§ **Prompt**
Retype the listing below exactly, beginning at the line that contains "Some of the words" and ending with its last line.

§ **Material provided**
..............................
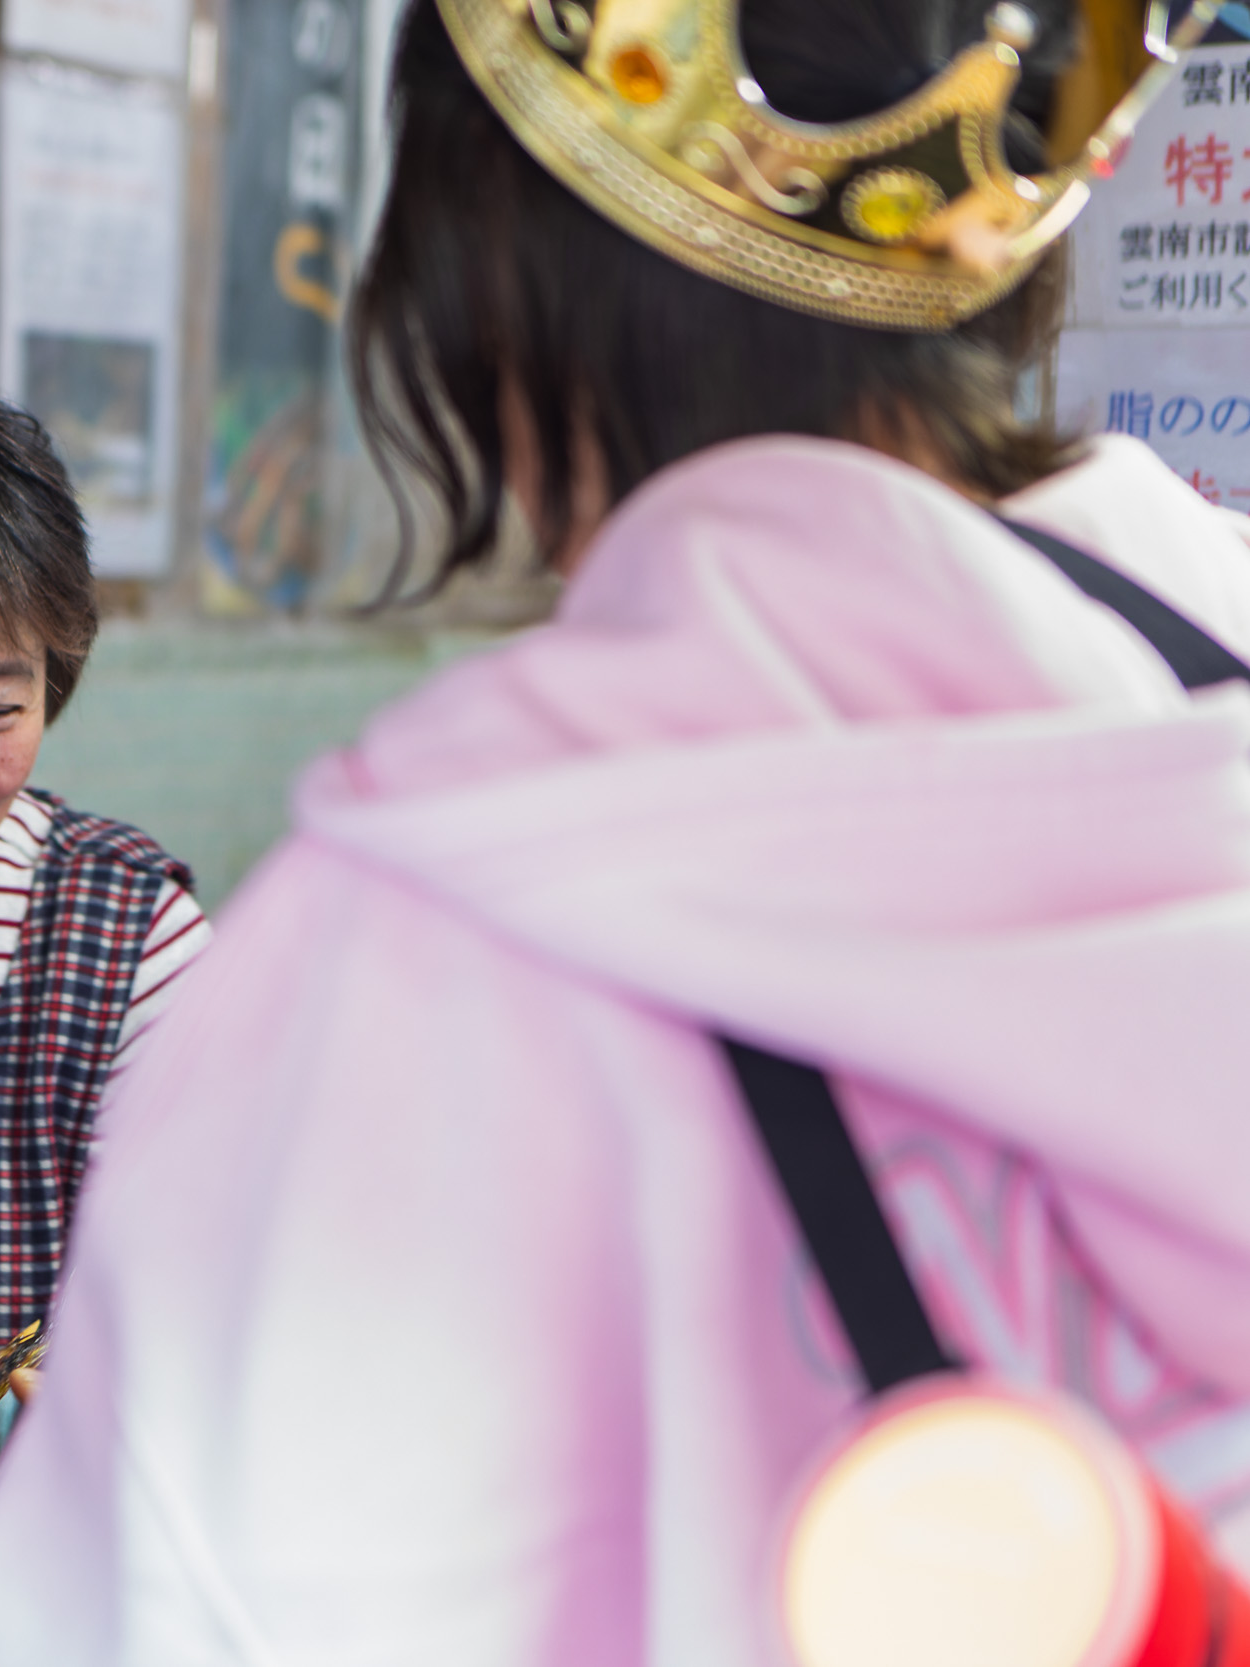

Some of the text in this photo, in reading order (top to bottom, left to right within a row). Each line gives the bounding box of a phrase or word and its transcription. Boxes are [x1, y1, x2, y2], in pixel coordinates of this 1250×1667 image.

[1164, 132, 1250, 208] 特
[1119, 270, 1247, 311] ご利用く
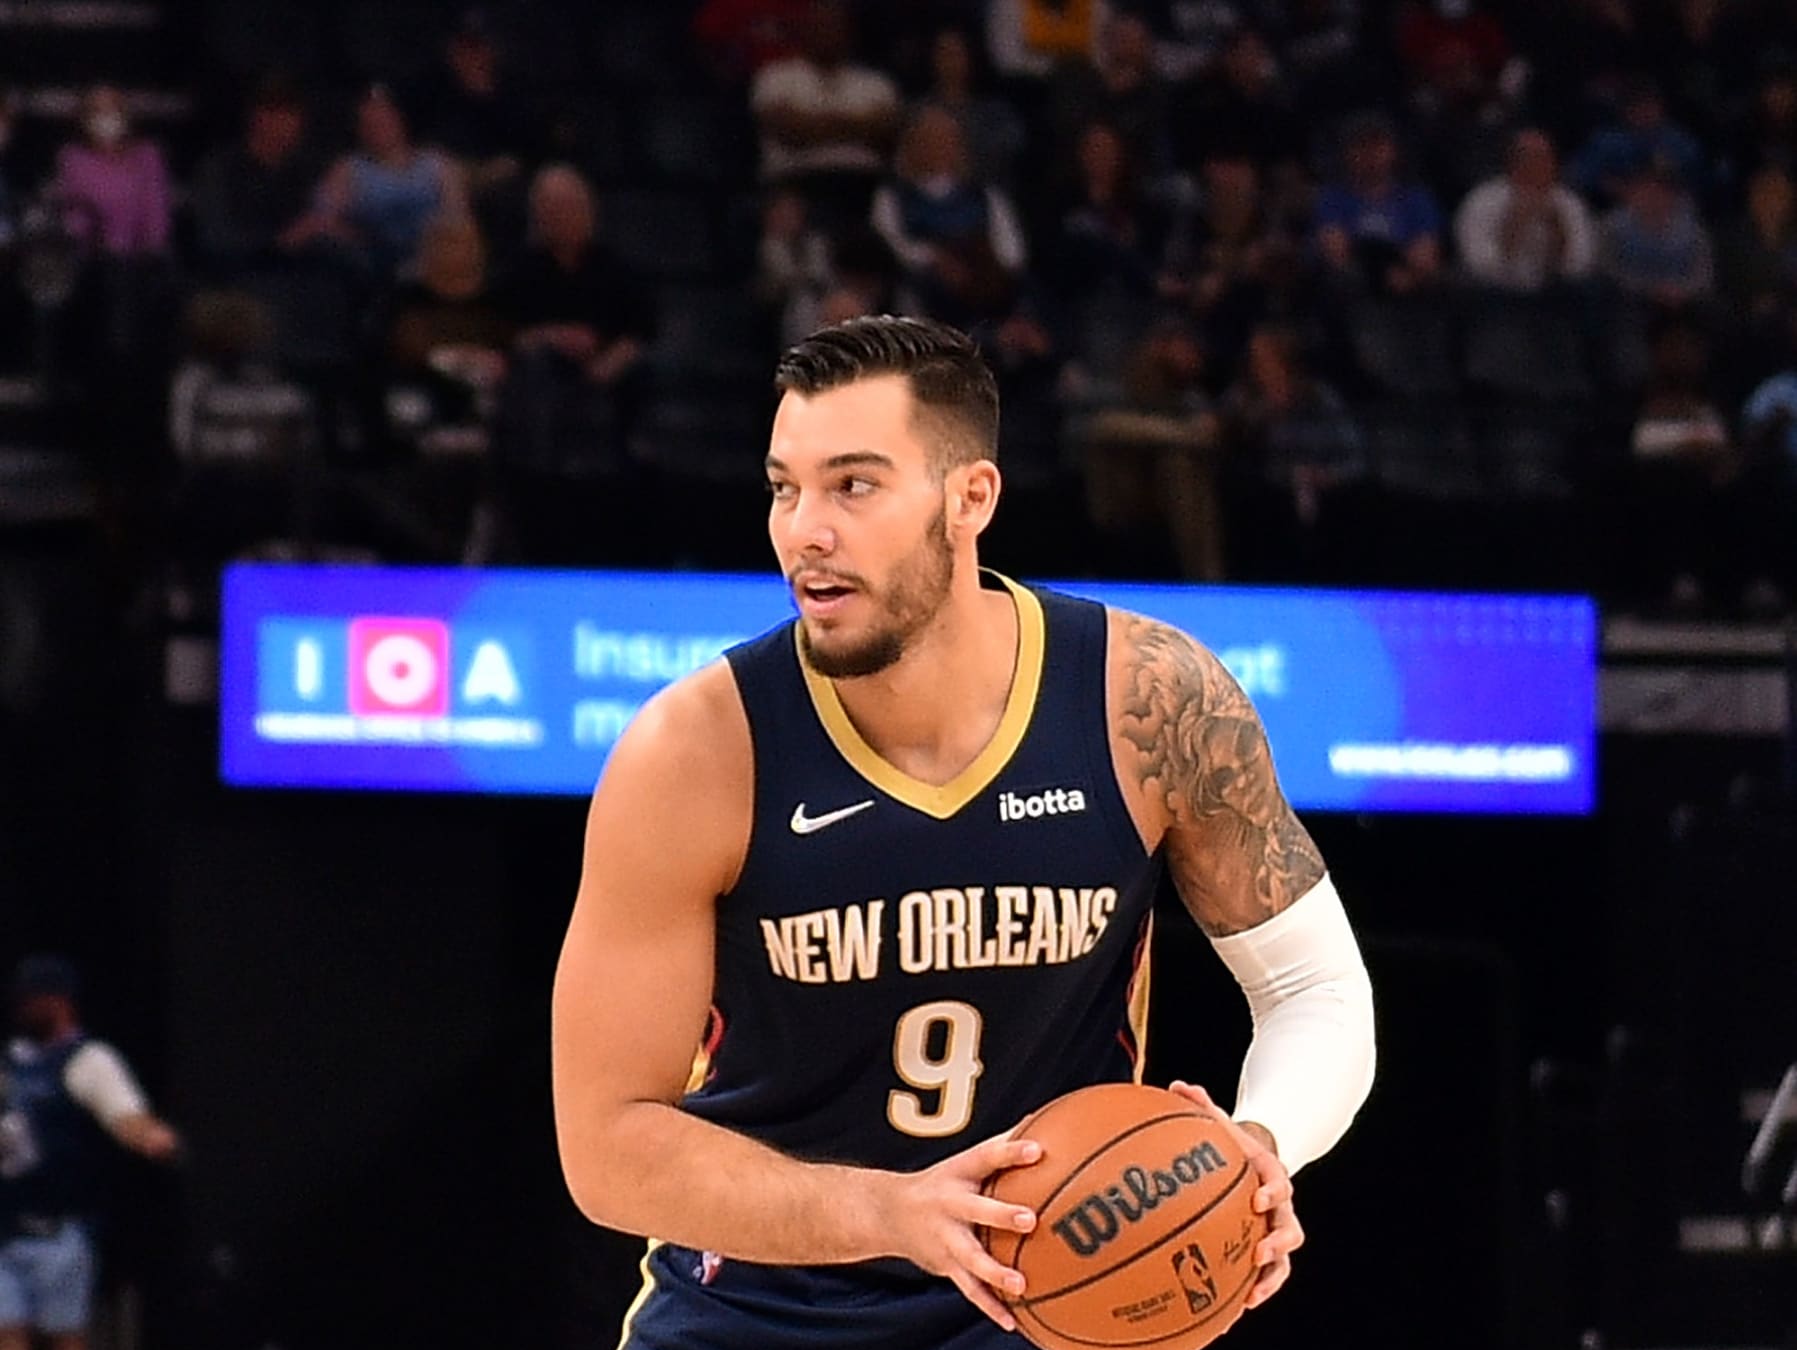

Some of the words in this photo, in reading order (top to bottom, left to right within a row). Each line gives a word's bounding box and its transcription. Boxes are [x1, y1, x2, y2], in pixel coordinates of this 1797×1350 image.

[999, 789, 1086, 822] ibotta
[760, 900, 885, 983] NEW
[898, 886, 1118, 973] ORLEANS
[887, 1001, 983, 1137] 9
[1052, 1141, 1226, 1256] Wilson
..............................
§ **Answer to this task**
Some of the words in this photo, in reading order (top to bottom, left to right within a row). Each line gives a word's bounding box and its transcription. Boxes are [x1, y1, x2, y2], in pixel coordinates of this 1797×1350 image.

[999, 789, 1086, 822] ibotta
[760, 900, 885, 983] NEW
[898, 886, 1118, 973] ORLEANS
[887, 1001, 983, 1137] 9
[1052, 1141, 1226, 1256] Wilson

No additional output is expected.